> **Task description**: Return nothing except the lines from the one that contains "this 1600×1027 image." through the end of the material below, each exactly as given.

── Data shown ──

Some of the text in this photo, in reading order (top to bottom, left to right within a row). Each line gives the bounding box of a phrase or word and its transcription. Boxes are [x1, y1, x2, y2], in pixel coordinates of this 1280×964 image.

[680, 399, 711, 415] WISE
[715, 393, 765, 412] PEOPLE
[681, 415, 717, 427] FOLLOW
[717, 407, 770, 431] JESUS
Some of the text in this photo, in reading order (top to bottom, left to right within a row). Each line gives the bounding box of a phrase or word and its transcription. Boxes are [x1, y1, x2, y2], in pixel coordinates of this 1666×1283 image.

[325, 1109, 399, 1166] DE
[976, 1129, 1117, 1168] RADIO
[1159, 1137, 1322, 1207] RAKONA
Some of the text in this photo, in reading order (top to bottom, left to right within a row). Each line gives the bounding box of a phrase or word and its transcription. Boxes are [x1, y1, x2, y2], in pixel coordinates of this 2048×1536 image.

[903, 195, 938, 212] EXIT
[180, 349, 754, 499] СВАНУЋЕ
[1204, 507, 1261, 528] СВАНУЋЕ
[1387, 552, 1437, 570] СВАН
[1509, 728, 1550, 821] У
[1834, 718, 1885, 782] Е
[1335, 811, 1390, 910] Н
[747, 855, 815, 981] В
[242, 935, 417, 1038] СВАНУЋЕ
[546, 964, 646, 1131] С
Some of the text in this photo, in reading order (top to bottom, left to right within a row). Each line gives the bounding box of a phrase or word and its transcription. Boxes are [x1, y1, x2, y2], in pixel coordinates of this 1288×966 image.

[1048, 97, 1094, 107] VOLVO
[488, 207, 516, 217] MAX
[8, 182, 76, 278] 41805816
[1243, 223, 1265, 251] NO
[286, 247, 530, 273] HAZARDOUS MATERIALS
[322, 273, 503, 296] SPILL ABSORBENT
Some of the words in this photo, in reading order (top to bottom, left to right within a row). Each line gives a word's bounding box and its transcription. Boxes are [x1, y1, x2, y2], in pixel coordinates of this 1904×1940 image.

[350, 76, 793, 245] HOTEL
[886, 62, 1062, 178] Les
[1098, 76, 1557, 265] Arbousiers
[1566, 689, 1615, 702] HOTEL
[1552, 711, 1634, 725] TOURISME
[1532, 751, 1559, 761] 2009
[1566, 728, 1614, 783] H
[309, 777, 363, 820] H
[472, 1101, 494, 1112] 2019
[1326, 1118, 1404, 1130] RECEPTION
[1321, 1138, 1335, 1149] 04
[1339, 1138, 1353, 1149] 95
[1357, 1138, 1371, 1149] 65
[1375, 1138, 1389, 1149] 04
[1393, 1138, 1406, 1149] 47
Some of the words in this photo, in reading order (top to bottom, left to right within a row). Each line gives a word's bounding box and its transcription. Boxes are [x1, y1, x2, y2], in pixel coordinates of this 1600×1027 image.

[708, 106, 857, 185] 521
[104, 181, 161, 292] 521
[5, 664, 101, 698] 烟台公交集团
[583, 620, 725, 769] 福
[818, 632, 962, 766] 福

───

> **Answer to this exercise**:
Some of the words in this photo, in reading order (top to bottom, left to right within a row). Each line gives a word's bounding box and its transcription. Boxes are [x1, y1, x2, y2], in pixel coordinates of this 1600×1027 image.

[708, 106, 857, 185] 521
[104, 181, 161, 292] 521
[5, 664, 101, 698] 烟台公交集团
[583, 620, 725, 769] 福
[818, 632, 962, 766] 福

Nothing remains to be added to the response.